**Work instructions**
Transcribe every line of the material below without change, apart from dropping the pictures.
**** Supplied material ****
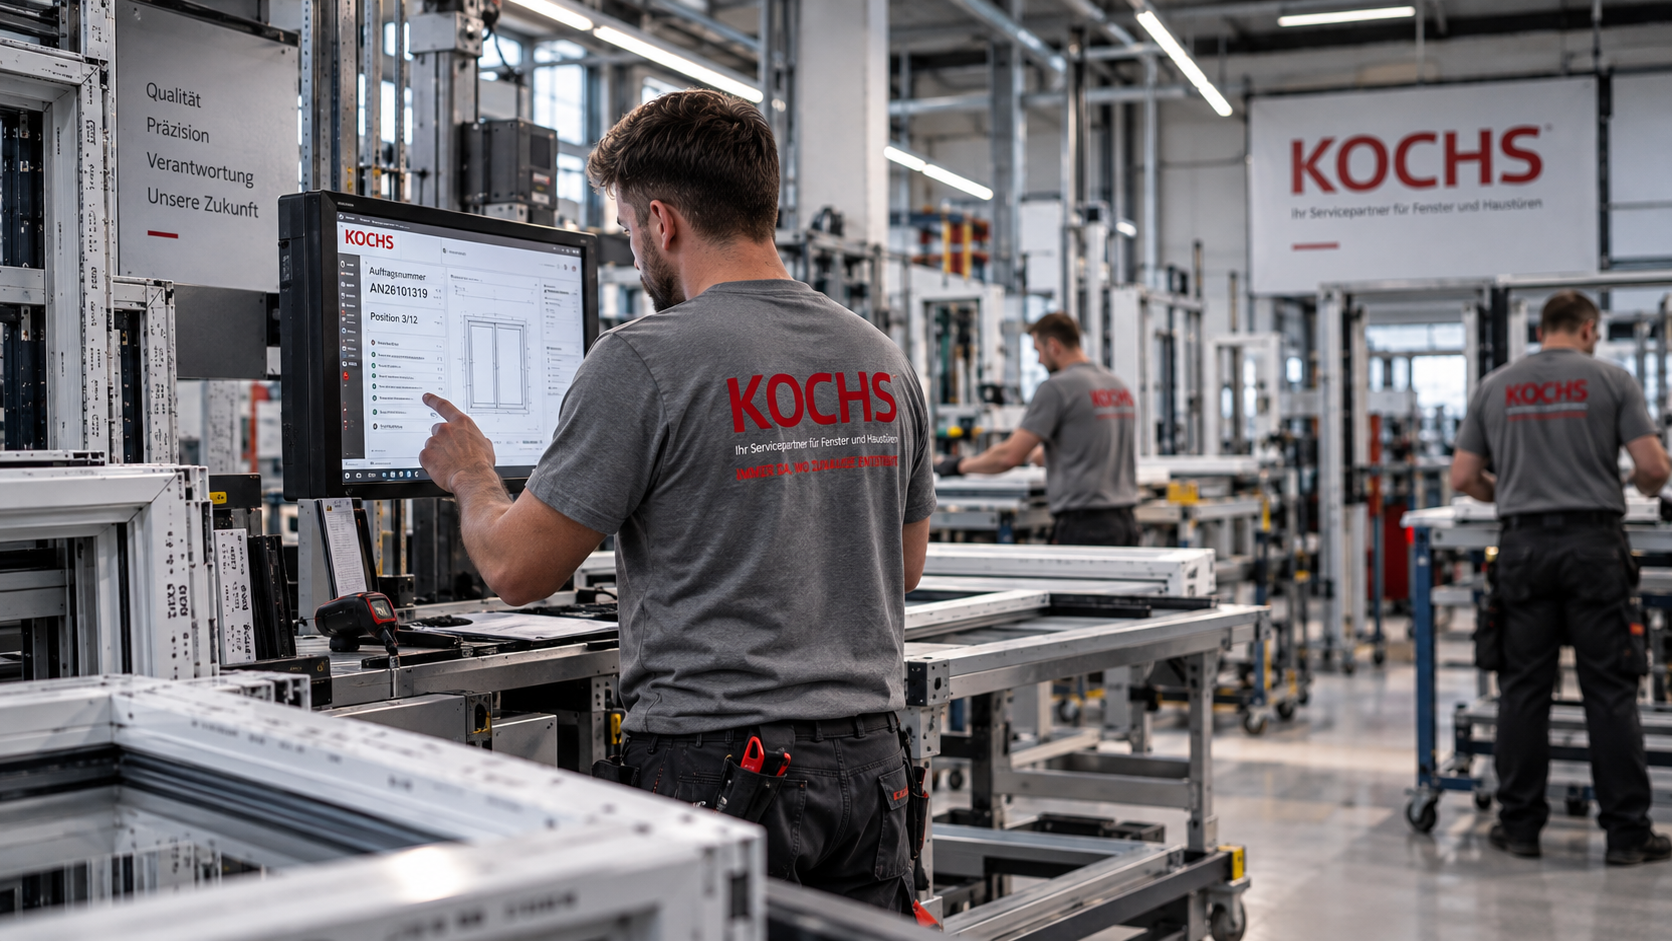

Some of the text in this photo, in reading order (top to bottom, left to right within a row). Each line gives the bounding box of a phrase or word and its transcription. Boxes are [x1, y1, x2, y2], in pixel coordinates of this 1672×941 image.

[146, 82, 201, 108] Qualität
[147, 117, 209, 143] Präzision
[147, 152, 254, 189] Verantwortung
[1290, 124, 1544, 195] KOCHS
[148, 187, 259, 218] Unsere Zukunft
[1291, 197, 1543, 220] Ihr Servicepartner für Fenster und Haustüren
[345, 229, 394, 250] KOCHS
[369, 266, 426, 281] Auftragsnummer
[370, 282, 428, 299] AN26101319
[370, 312, 418, 325] Position 3/12
[726, 371, 897, 433] KOCHS
[1505, 378, 1589, 407] KOCHS
[735, 445, 748, 455] Ihr
[750, 440, 808, 454] Servicepartner
[809, 436, 819, 448] für
[821, 437, 850, 447] Fenster
[851, 434, 866, 445] und
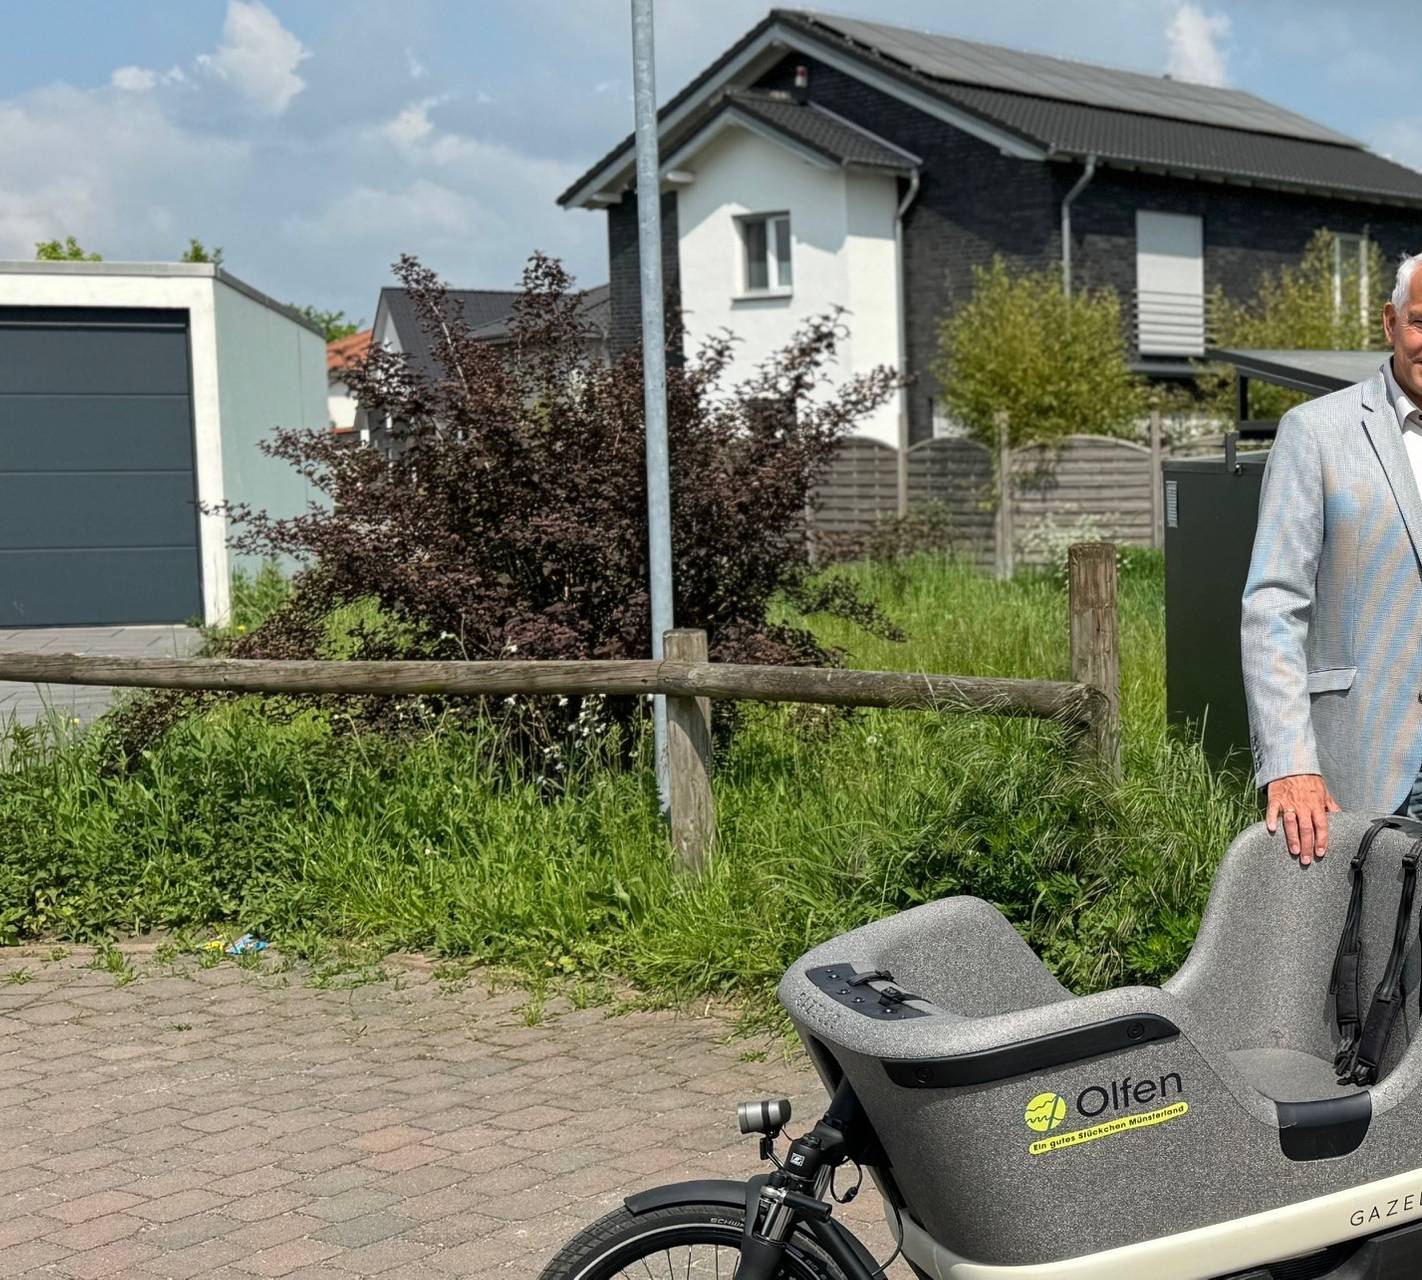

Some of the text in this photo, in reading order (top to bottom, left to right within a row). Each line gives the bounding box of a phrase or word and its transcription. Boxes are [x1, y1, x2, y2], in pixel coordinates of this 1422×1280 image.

[1076, 1072, 1183, 1117] Olfen
[1033, 1105, 1185, 1151] Ein gutes Stückchen Münsterland
****
**Answer box**
Some of the text in this photo, in reading order (top to bottom, left to right within a row). Each line gives the bounding box of a phrase or word and its transcription. Boxes are [x1, y1, x2, y2], in pixel coordinates of this 1672×941 image.

[146, 82, 201, 108] Qualität
[147, 117, 209, 143] Präzision
[147, 152, 254, 189] Verantwortung
[1290, 124, 1544, 195] KOCHS
[148, 187, 259, 218] Unsere Zukunft
[1291, 197, 1543, 220] Ihr Servicepartner für Fenster und Haustüren
[345, 229, 394, 250] KOCHS
[369, 266, 426, 281] Auftragsnummer
[370, 282, 428, 299] AN26101319
[370, 312, 418, 325] Position 3/12
[726, 371, 897, 433] KOCHS
[1505, 378, 1589, 407] KOCHS
[735, 445, 748, 455] Ihr
[750, 440, 808, 454] Servicepartner
[809, 436, 819, 448] für
[821, 437, 850, 447] Fenster
[851, 434, 866, 445] und

Some of the text in this photo, in reading order (top to bottom, left to right within a row). Each line gives the bounding box of a phrase or word and its transcription. Boxes are [x1, y1, x2, y2], in pixel coordinates of this 1422×1280 image.

[1076, 1072, 1183, 1117] Olfen
[1033, 1105, 1185, 1151] Ein gutes Stückchen Münsterland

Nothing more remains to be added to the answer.